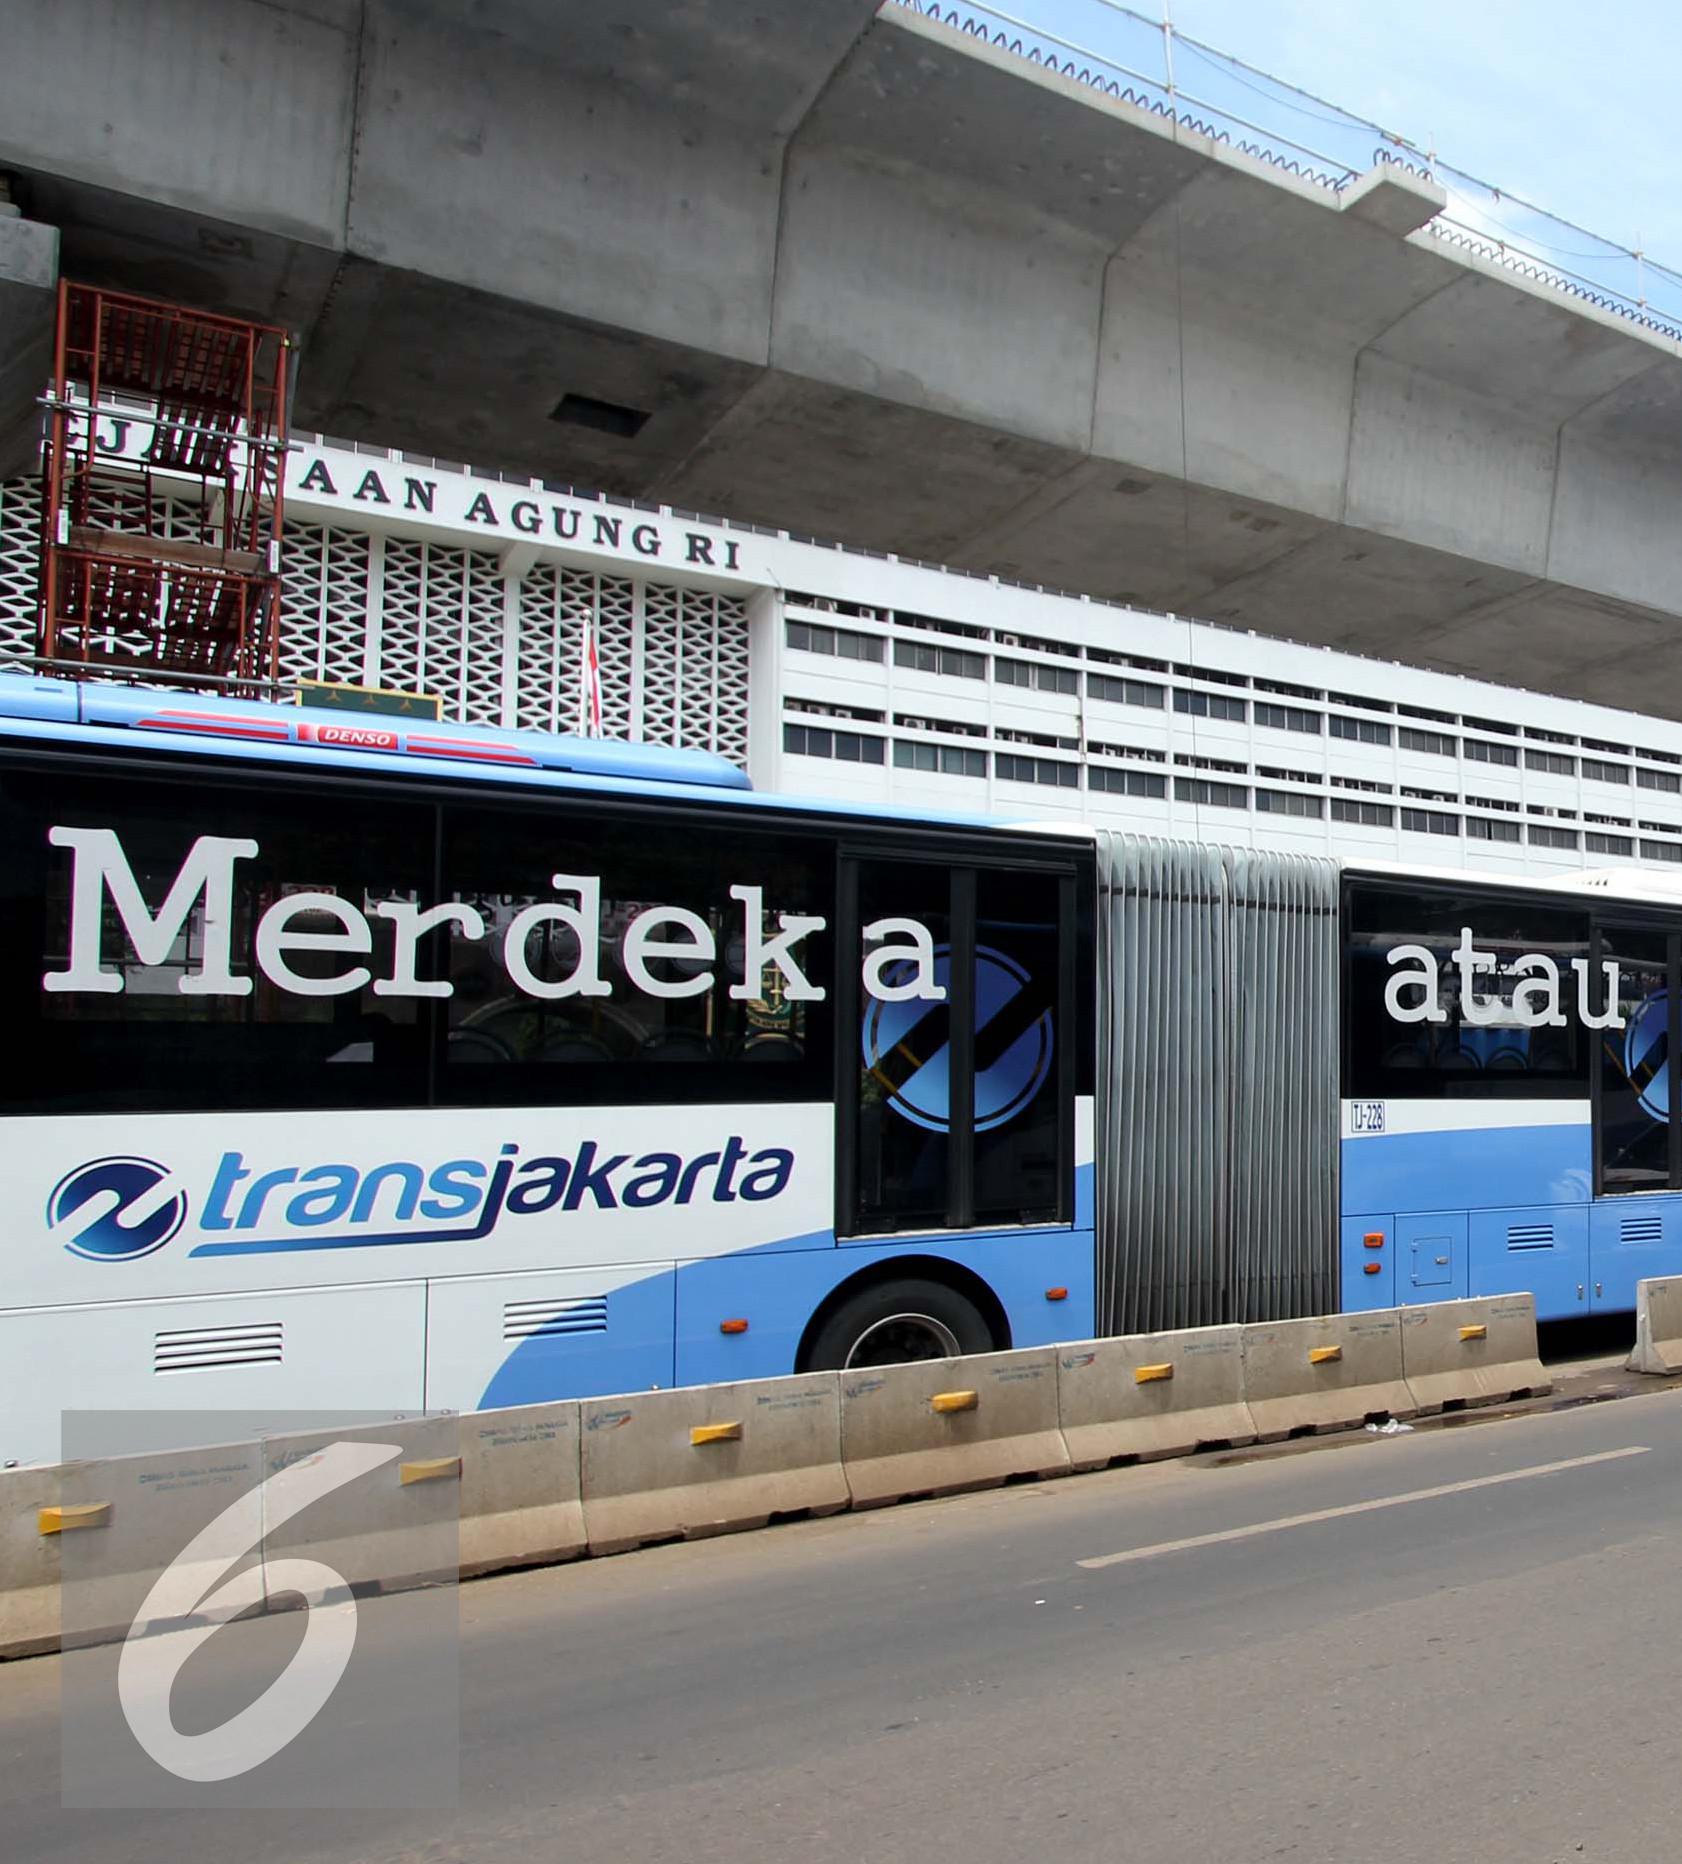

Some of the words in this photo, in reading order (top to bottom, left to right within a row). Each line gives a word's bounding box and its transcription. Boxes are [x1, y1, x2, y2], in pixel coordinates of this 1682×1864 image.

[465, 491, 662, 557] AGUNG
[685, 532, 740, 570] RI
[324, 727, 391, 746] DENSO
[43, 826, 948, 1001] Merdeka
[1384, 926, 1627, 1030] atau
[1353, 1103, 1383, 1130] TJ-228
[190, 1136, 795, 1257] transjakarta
+ + +
Task prompt: Without including any picture, write out the material above verbatim.

Answer to this task:
Some of the words in this photo, in reading order (top to bottom, left to right within a row). Each line gives a word's bounding box and its transcription. Boxes are [x1, y1, x2, y2], in pixel coordinates of this 1682×1864 image.

[465, 491, 662, 557] AGUNG
[685, 532, 740, 570] RI
[324, 727, 391, 746] DENSO
[43, 826, 948, 1001] Merdeka
[1384, 926, 1627, 1030] atau
[1353, 1103, 1383, 1130] TJ-228
[190, 1136, 795, 1257] transjakarta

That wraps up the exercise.